林鸢也眼巴巴看着谭玥,过了一阵,她才受不了一般开口:
“是啊!被追过,麻烦死了,明明没做什么,却被当做凶手一样,烦死了。”谭玥轻嗤一声。
“为什么不□□呢?”云举手问道,但这次,没有人替她回答,就连秦疏雨也只是揉揉她的脑袋,示意不要让她继续问下去。
云瘪瘪嘴,看向笑累了的云稚。
云稚则是点点头,跟着道:
“没错噢,而且我们一族的长老全都是大乘期的,可以算是最——难缠的那一波了。”
“我将这些告知于你们,是我的一个诚意,”云稚笑着摊开手,扬起下巴,“你们能够享受一路来我族带来的便利,包括消费与医疗,但同样的,你们也要在保证我安全的同时,协助我达成我的目的。否则,你们将要面对的,八成是不下十位大乘期长老的追捕。”
言及于此,她垂下眼——以她的身形,能够轻易地俯视剩下的所有人。
尽管她并没有如族老所料看到其他四人眼中的反感,她仍旧延续着他们教给她的话术。
她收敛了笑意,一字一顿:
“这不是一场很难做的交易,不是吗?”
——
在古庙中穿行并不能说是一无所获,云稚抄录下了她们先前所在古庙中应龙的画像。将里面所有的古籍全都打包放进了储物戒中。顺带,云稚还展示了一下自己对古文字的渊博学识
——她详细地讲述了当地供奉的神祇,从来历到习俗,事无巨细。听得云脑袋都大了,和谭玥两个人一起蹲着神游天外。
暴露了自己大族继承人身份,还用身份压了人的云稚本想着自己大概率会与部分人离心。
但其他四人其实根本也不太在乎这些。当云稚说完,她维持住一副冷淡模样看向其他人。按照族老教的,这时候应该有人质疑,有人权衡,有人沉默。
但云第一个开口了,少女蹙着眉寻思了许久,最终有些疑惑道:“所以你的意思是,我们现在是一伙的了?”
云稚愣了一下,没想到对方会是这个反应:“……差不多。”
云这下才如释重负,笑着拍了拍她的肩:“那就是一伙的。本来我们就一伙的,还搞这么严肃,吓我们一大跳。”

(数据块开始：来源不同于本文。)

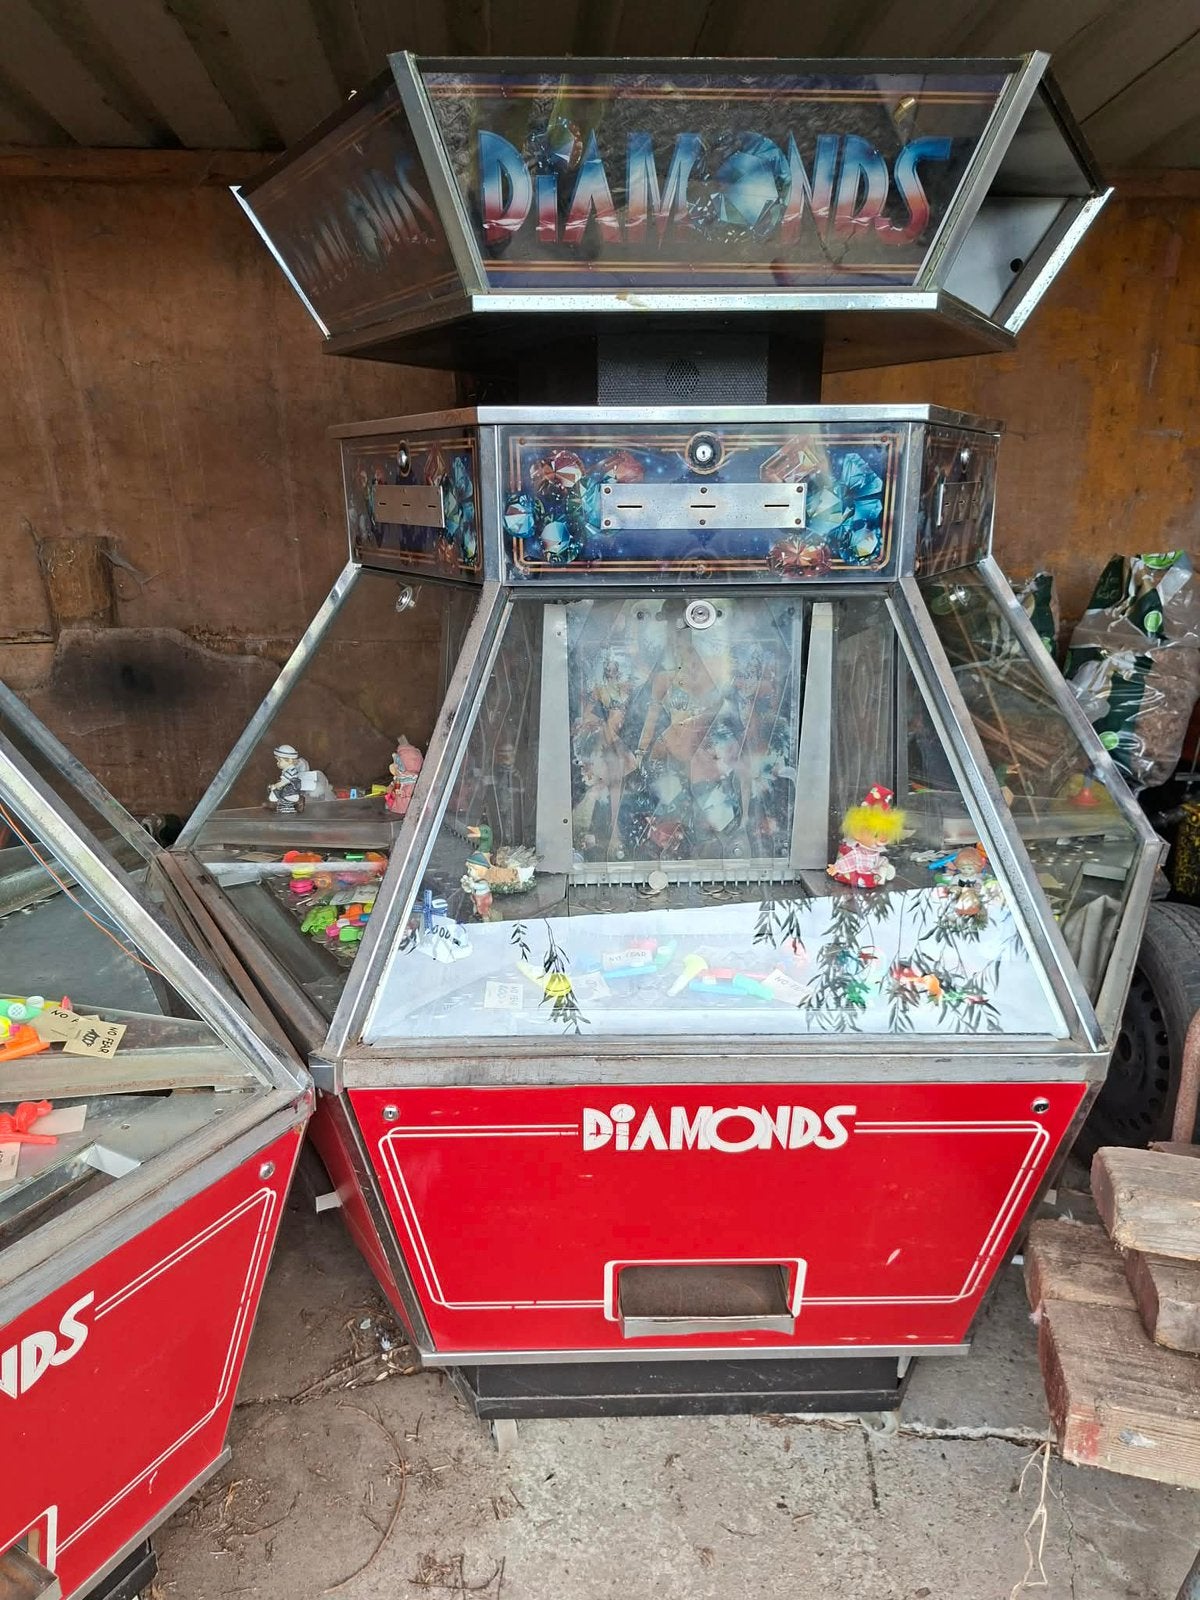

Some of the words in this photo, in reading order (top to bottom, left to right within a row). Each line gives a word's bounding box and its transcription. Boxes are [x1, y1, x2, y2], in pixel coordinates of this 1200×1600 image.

[50, 1009, 69, 1019] NO
[106, 1026, 119, 1036] NO
[98, 1037, 115, 1054] FEAR
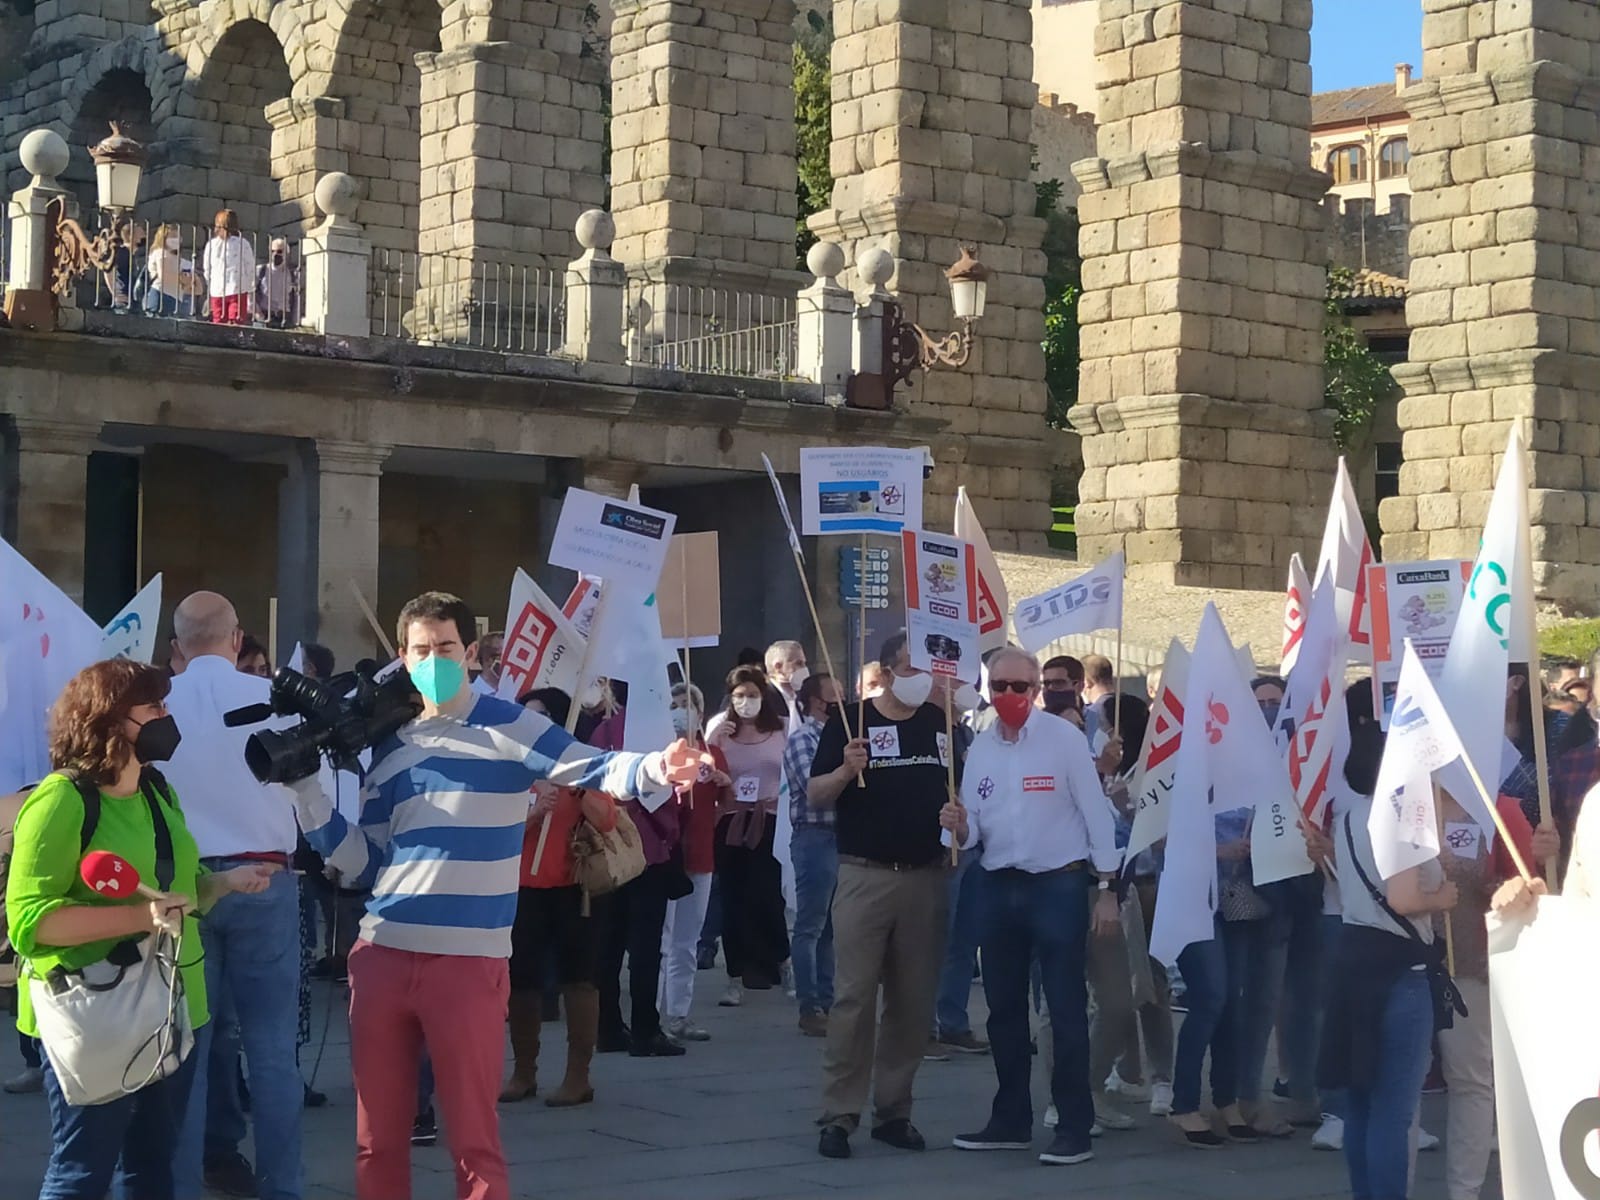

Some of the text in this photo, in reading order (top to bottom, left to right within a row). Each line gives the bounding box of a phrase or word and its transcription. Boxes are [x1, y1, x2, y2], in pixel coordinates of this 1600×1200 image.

云稚看着她,又看其他人——秦疏雨点头,林鸢没反对,谭玥耸耸肩。
好吧,好吧,真是一群怪胎。
但她忽然觉得,族老教的那套,好像也没什么必要了。
毕竟自己遇上的,是这群或许真的值得信赖的人。
——
在满足了云稚的需求后,调查便变得顺理成章。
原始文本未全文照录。